The quick spread of GE-PON has led to the rapid introduction of FTTH. Based on continuing growth in communications traffic, 10 Gbps PON systems are currently being developed to expand the bandwidth of FTTH communications. However, higher communication speeds increase power consumption. Projections for higher energy consumption by communication devices have prompted a search for ways to cut power consumption.
OKI (News - Alert), telecommunications manufacturer in Japan, has developed Bandwidth Allocation Control Technology to enable OLT drive control for next-generation optical access systems. This technology controls the number of OLT drive units in response to traffic conditions and ensures efficient bandwidth allocation by varying the number of OLT drive units. In addition to dramatically increasing OLT bandwidth efficiency, the technology allows OLTs to sleep when traffic is low, cutting power consumption to a great extent.

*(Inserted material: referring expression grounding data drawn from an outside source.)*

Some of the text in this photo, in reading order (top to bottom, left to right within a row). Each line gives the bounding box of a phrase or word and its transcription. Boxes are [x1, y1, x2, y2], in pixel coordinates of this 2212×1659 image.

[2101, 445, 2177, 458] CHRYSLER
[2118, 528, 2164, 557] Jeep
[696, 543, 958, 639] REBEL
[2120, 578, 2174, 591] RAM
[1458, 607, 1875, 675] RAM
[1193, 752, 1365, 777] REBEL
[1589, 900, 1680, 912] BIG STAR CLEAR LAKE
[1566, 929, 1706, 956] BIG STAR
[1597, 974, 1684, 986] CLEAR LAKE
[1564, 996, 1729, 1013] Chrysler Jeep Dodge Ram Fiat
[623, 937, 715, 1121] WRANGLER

"OKI developed its OLT drive control technology as part of this research program. The Bandwidth Allocation Control Technology developed by OKI is technology that will advance OLT drive control technologies, allowing OLT drive control units to vary the number of operating OLT drive units and thereby responding to bandwidth shortages by adjusting upper bandwidth limits in response to bandwidth volume fluctuations generated by user demand," Takeshi Kamijoh, general manager of Research and Development Center at OKI," said in a statement.
OKI has worked since 2009 as part of the "Research and development of wide area optical access networks" project commissioned by the National Institute of Information and Communications Technology. OKI has also sought to develop virtual PONs that would permit flexible configuration of connections between an OLT of central office and user ONUs, thereby ensuring an immediate and practical application of the research technology.

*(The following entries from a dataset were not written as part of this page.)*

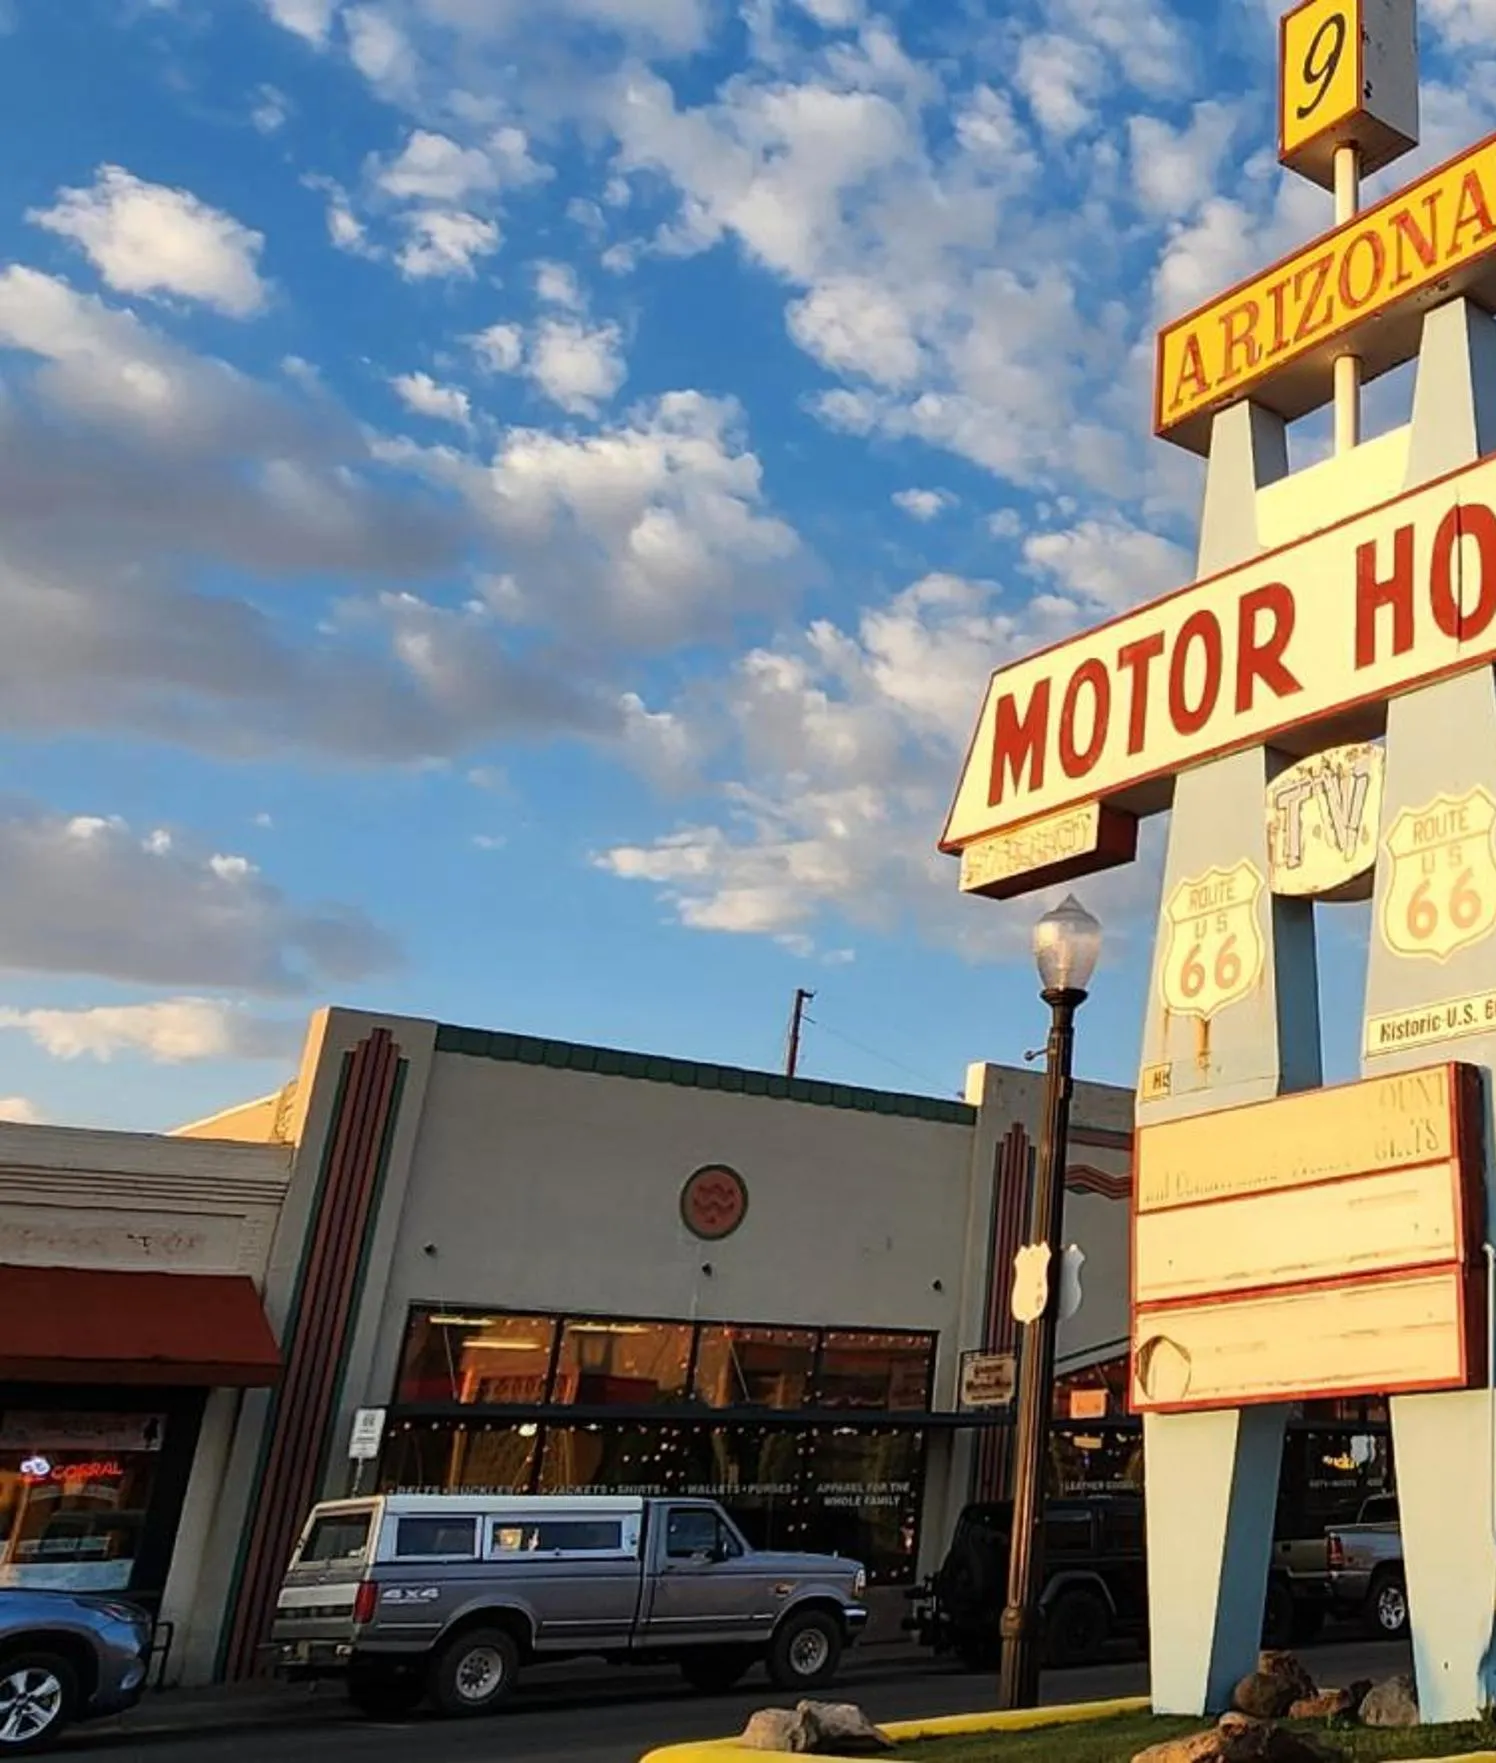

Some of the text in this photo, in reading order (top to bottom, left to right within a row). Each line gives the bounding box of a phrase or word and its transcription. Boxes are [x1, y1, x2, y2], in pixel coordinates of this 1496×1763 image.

[1295, 11, 1347, 120] 9
[986, 582, 1303, 806] MOTOR
[1275, 766, 1370, 870] TV
[1413, 804, 1469, 845] ROUTE
[1189, 877, 1237, 912] ROUTE
[1406, 866, 1483, 940] 66
[1180, 932, 1242, 998] 66
[1379, 1013, 1441, 1043] Historic
[1446, 1003, 1478, 1029] U.S.
[687, 1483, 740, 1495] WALLETS
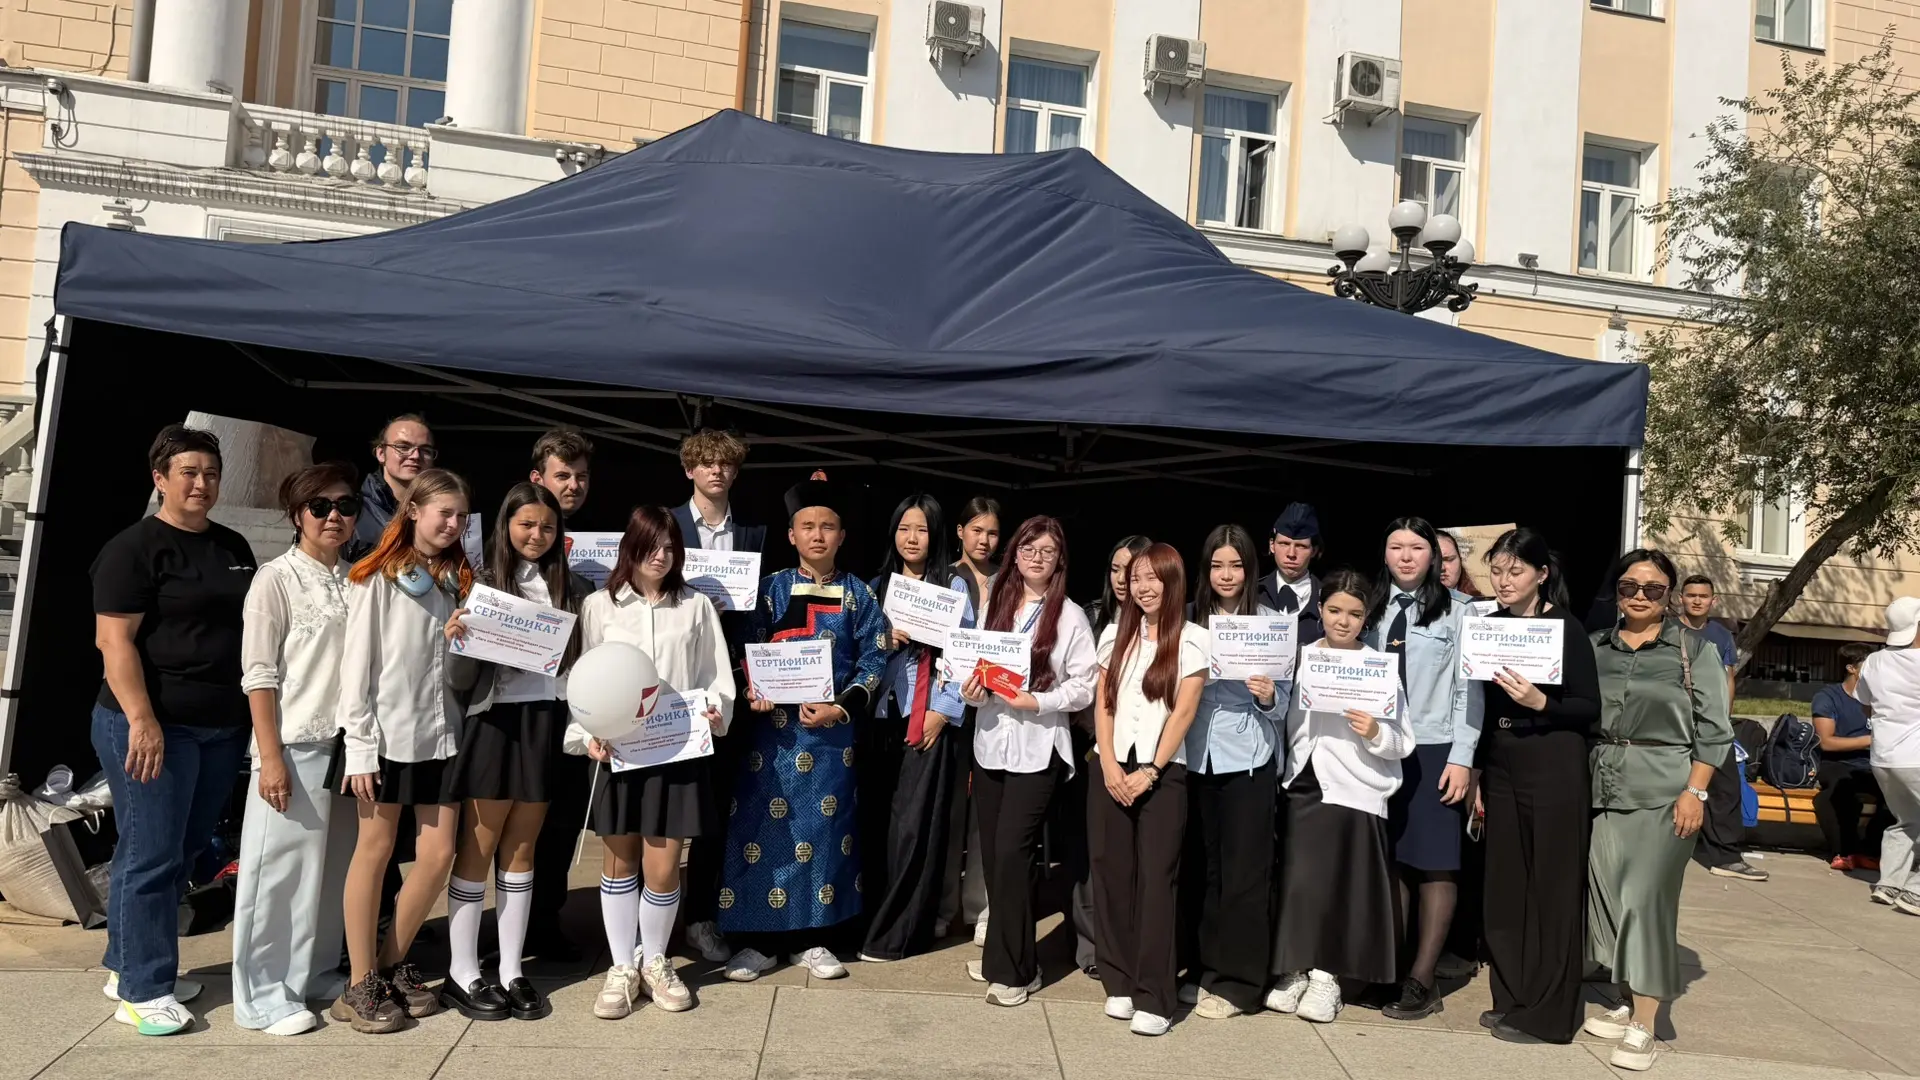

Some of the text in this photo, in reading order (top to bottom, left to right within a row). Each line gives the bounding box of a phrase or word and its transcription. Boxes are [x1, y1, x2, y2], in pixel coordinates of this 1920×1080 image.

[571, 549, 619, 558] ИФИКАТ
[684, 563, 750, 576] ЕРТИФИКАТ
[893, 590, 956, 614] СЕРТИФИКАТ
[473, 604, 561, 636] СЕРТИФИКАТ
[1218, 632, 1289, 642] СЕРТИФИКАТ
[1471, 632, 1552, 645] СЕРТИФИКАТ
[952, 640, 1022, 654] СЕРТИФИКАТ
[755, 656, 822, 668] СЕРТИФИКАТ
[1310, 664, 1388, 678] СЕРТИФИКАТ
[645, 707, 696, 725] ИФИКАТ

Varying the numbers of OLT drive units will result in significantly more efficient use of bandwidth. Verification testing has shown the system can cut bandwidth shortages by roughly one-fifth and power consumption by roughly 30 percent.
OKI said the company will strive to commercialize this technology, including efforts to extend the technology to multi-channel bandwidth control and deployment to software defined networks.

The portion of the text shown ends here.